# [Exercise]
Omit the images. Reproduce each line of the records exactly as it appears.

Collected data entries:
══════
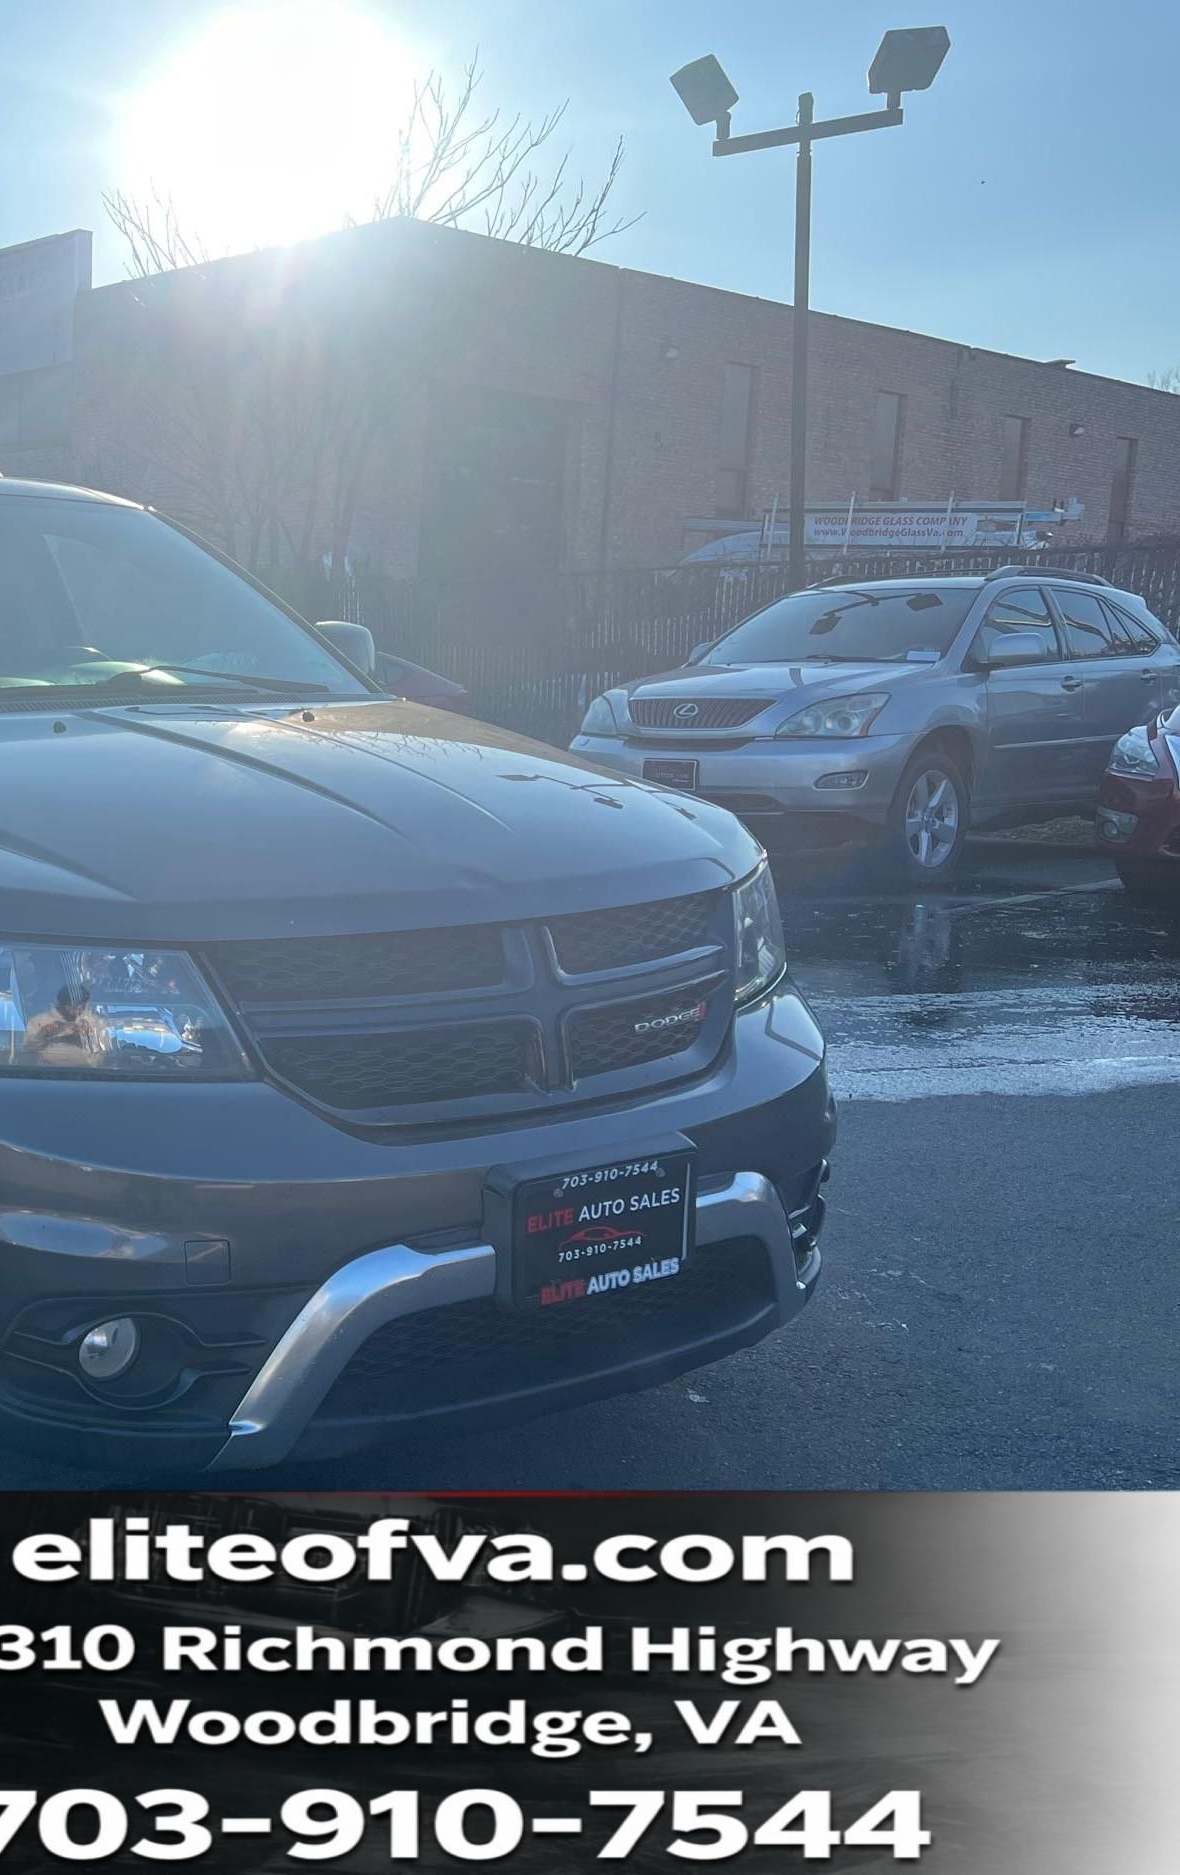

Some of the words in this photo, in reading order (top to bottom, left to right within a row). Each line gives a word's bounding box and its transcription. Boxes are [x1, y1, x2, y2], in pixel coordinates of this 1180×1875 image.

[814, 516, 881, 526] WOODRIDGE
[882, 516, 914, 526] GLASS
[814, 528, 963, 539] www.oodbridgeGlassVa.om
[635, 1008, 700, 1032] DODGE
[562, 1161, 659, 1190] 703-910-7544
[527, 1208, 575, 1233] ELITE
[578, 1199, 625, 1223] AUTO
[630, 1188, 680, 1211] SALES
[558, 1236, 642, 1263] 703-910-7544
[541, 1279, 586, 1306] ELITE
[586, 1269, 631, 1296] AUTO
[633, 1257, 680, 1285] SALES
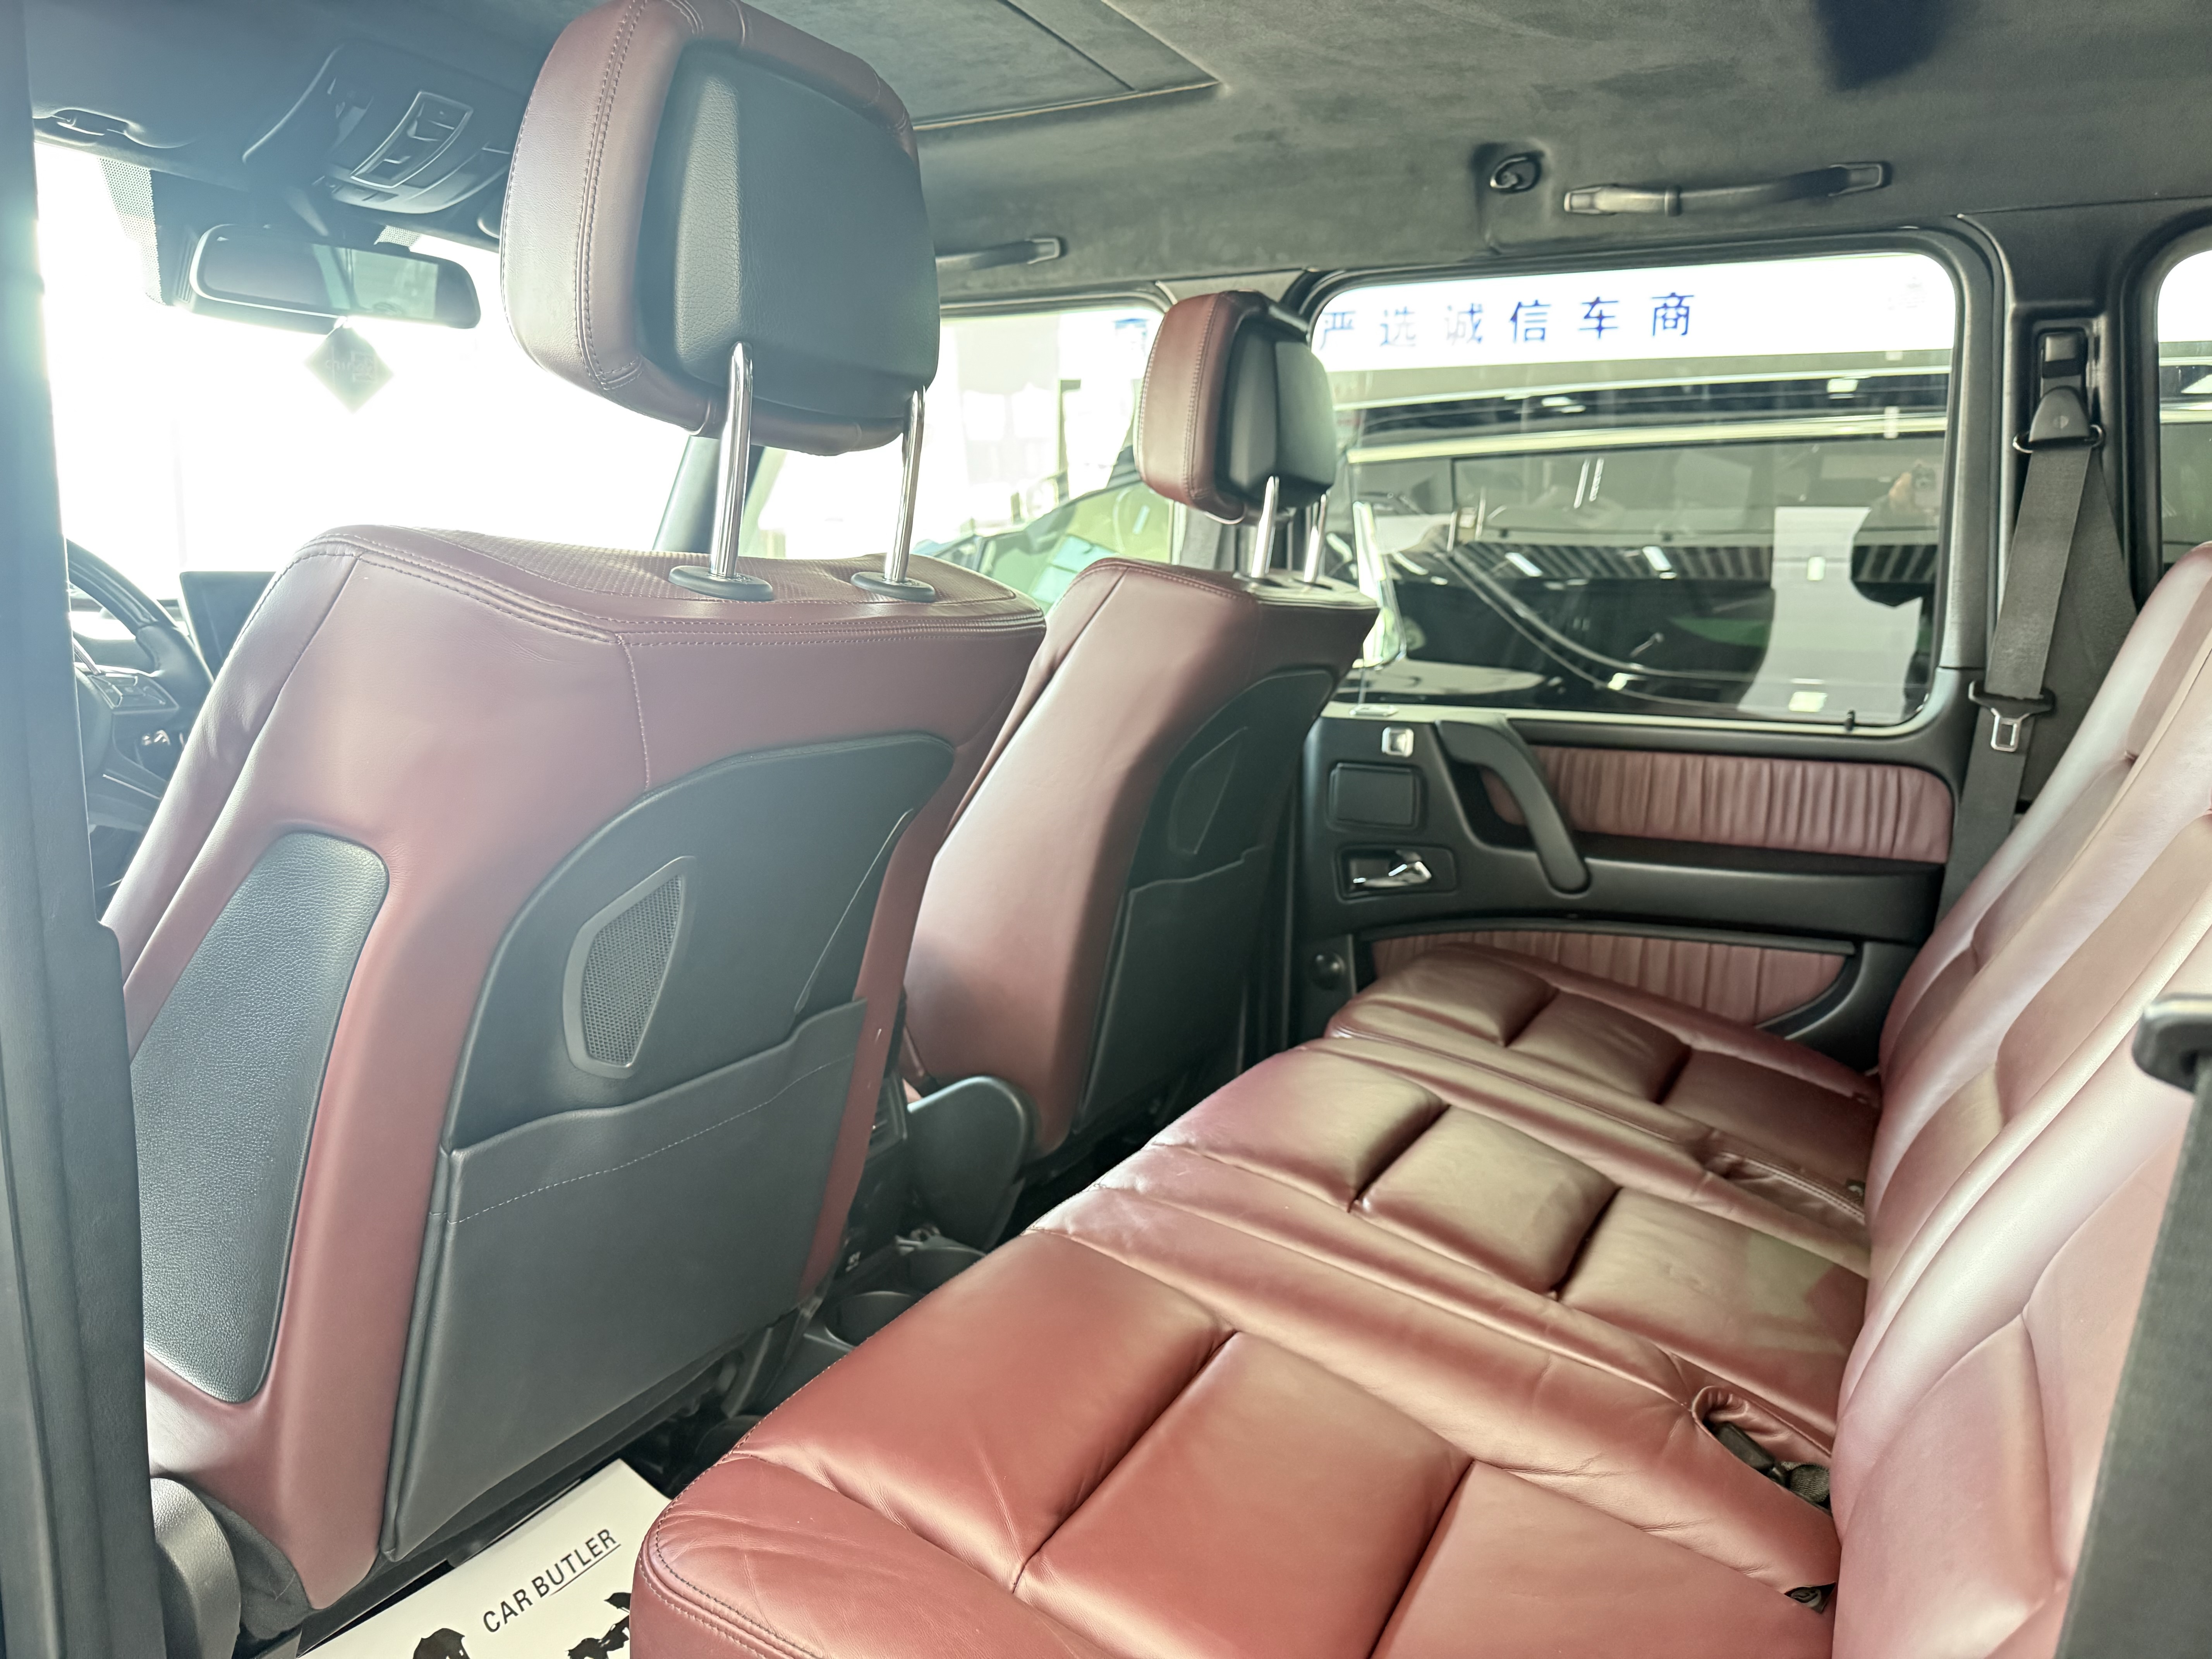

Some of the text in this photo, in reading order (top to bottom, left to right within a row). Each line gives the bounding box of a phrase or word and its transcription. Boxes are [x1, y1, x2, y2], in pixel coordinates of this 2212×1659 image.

[1320, 291, 1695, 350] 严选诚信车商
[483, 1529, 617, 1633] CAR BUTLER
══════
# [Problem solution]
Some of the words in this photo, in reading order (top to bottom, left to right within a row). Each line gives a word's bounding box and its transcription. Boxes are [x1, y1, x2, y2], in pixel coordinates of this 1180×1875 image.

[814, 516, 881, 526] WOODRIDGE
[882, 516, 914, 526] GLASS
[814, 528, 963, 539] www.oodbridgeGlassVa.om
[635, 1008, 700, 1032] DODGE
[562, 1161, 659, 1190] 703-910-7544
[527, 1208, 575, 1233] ELITE
[578, 1199, 625, 1223] AUTO
[630, 1188, 680, 1211] SALES
[558, 1236, 642, 1263] 703-910-7544
[541, 1279, 586, 1306] ELITE
[586, 1269, 631, 1296] AUTO
[633, 1257, 680, 1285] SALES

Some of the text in this photo, in reading order (top to bottom, left to right within a row). Each line gives the bounding box of a phrase or word and its transcription. Boxes are [x1, y1, x2, y2], in pixel coordinates of this 2212×1659 image.

[1320, 291, 1695, 350] 严选诚信车商
[483, 1529, 617, 1633] CAR BUTLER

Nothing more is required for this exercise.